Exercise – Take the line that contains "this 1600×1200 image." as the first line and the final line of the records as the last; return exactly those lines and the lines between.

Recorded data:
BEGIN

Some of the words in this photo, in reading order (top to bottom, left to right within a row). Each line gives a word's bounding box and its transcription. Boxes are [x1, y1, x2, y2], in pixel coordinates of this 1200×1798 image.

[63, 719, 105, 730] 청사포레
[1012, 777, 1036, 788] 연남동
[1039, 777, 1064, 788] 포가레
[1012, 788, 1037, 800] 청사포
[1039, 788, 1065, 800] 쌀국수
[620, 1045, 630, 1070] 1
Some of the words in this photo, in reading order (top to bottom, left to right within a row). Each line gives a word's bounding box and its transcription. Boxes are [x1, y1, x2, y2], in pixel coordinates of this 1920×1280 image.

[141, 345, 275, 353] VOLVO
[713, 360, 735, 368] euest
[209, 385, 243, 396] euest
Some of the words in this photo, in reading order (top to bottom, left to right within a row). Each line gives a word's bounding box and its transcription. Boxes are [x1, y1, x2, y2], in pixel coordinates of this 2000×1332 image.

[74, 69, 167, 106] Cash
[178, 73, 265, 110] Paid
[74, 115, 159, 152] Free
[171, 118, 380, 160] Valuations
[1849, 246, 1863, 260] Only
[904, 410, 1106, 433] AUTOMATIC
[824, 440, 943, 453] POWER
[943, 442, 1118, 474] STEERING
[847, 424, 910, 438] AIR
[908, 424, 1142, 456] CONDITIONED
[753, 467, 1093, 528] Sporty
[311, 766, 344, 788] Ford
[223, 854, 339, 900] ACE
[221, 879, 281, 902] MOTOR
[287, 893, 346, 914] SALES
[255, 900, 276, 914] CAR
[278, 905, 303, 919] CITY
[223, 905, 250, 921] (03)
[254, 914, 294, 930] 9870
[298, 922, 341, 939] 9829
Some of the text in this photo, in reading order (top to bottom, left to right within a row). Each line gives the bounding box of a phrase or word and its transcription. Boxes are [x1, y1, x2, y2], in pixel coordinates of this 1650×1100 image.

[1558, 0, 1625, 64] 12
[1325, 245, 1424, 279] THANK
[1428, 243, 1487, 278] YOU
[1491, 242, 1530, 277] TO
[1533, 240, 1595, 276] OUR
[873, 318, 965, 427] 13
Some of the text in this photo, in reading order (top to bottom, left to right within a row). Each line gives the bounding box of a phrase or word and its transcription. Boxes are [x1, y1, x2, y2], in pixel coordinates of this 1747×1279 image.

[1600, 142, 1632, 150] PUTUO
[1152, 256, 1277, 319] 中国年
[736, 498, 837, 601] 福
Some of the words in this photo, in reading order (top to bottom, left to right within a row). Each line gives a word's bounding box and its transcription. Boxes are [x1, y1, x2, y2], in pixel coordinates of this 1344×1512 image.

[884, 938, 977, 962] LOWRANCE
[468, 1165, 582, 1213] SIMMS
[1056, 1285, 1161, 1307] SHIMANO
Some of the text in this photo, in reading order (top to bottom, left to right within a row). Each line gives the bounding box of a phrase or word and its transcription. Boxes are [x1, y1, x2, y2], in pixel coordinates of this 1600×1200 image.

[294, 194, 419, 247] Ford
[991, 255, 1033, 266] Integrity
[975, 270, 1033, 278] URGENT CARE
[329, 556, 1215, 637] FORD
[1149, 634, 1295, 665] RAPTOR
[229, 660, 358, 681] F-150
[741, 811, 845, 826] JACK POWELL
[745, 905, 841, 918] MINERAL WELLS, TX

END

Task response –
Some of the text in this photo, in reading order (top to bottom, left to right within a row). Each line gives the bounding box of a phrase or word and its transcription. Boxes are [x1, y1, x2, y2], in pixel coordinates of this 1600×1200 image.

[294, 194, 419, 247] Ford
[991, 255, 1033, 266] Integrity
[975, 270, 1033, 278] URGENT CARE
[329, 556, 1215, 637] FORD
[1149, 634, 1295, 665] RAPTOR
[229, 660, 358, 681] F-150
[741, 811, 845, 826] JACK POWELL
[745, 905, 841, 918] MINERAL WELLS, TX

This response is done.